Can I recycle my gold jewellery?
Great news, YES you can!!
The beauty of gold is that it can be melted down and re-shaped and made into a new piece of jewellery, and this can be done over and over again.
If you’ve got a piece of jewellery that you don’t wear, you can make it wearable again by getting it recycled into something else. I will use the metal from your existing piece to create something completely new.
Your existing jewellery can become anything, a ring doesn’t have to be remade into a ring. It can become earrings, a bracelet, a necklace, a pendant, cufflinks, a brooch, or even a keyring. Anything.
What about the gemstones?
Before melting down any metal, all gemstones would be removed. Any gemstones that are in tact are completely reusable in the next piece! You can use any type of stone!
How do I know if the jewellery that I have is gold?
Gold can come in a few different colours and MANY varying shades of these colours.

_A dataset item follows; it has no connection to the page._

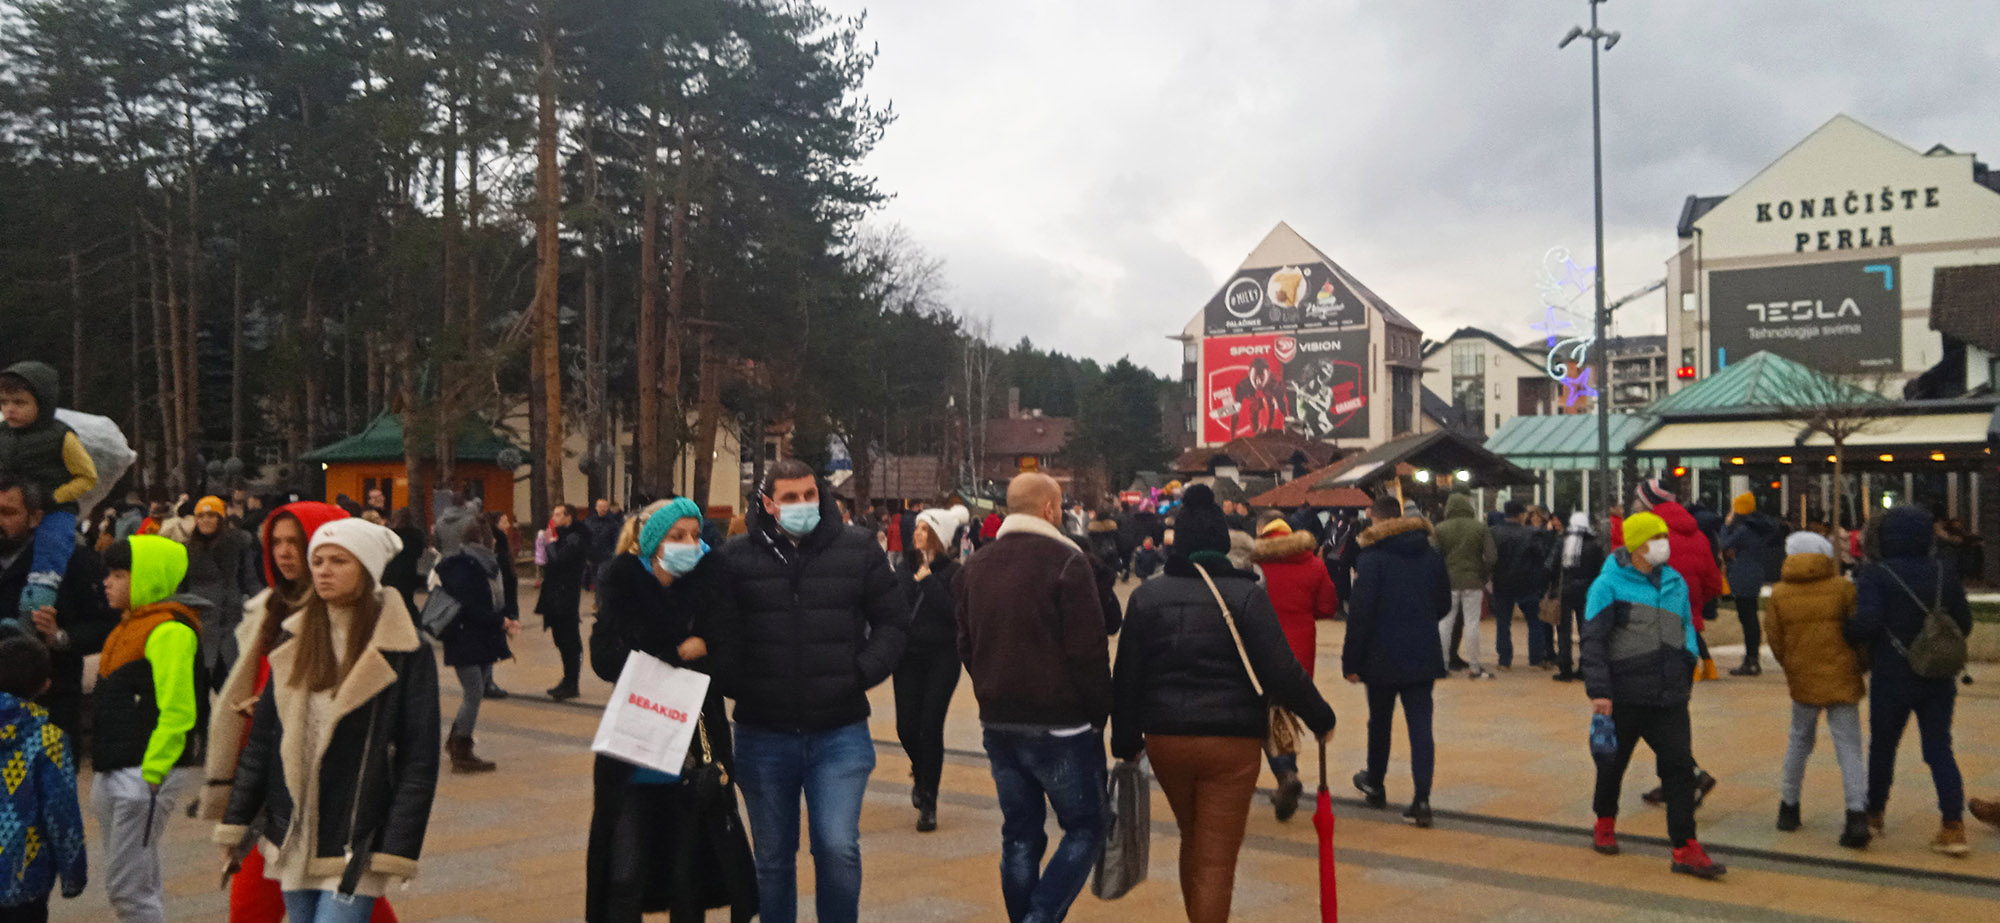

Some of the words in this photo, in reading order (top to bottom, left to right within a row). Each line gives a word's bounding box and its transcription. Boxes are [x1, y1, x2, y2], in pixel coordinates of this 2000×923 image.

Pure gold – Pure gold is yellow 24 carat gold. 24 carat gold is soft and therefore not very suitable for making jewellery. Pure gold is mixed with other alloys (copper and fine silver) to create other carats of gold. Each carat has a fineness stamp if the piece is hallmarked.
Before I continue, you may be thinking… :
Karat vs Carat?
Karat refers to the fineness of metal and Carat is a unit of weight that we use to talk about precious stones. (one carat equals 200 milligrams) In the UK and Australia, Carat tends to be used for both. So the answer is, both karat and carat are in reference to the purity of gold and Carat is the weight of precious stones.
So what does the ‘carat’ number actually mean?
For example:
24 carat gold = 99.9% gold (999 stamp)
22 carat gold = 92% gold + 8% alloys (916 stamp)
18 carat gold = 75% gold + 25% alloys (750 stamp)
14 carat gold = 59% gold + 41% alloys (585 stamp)
9 carat gold = 38% gold + 62% alloys (375 stamp)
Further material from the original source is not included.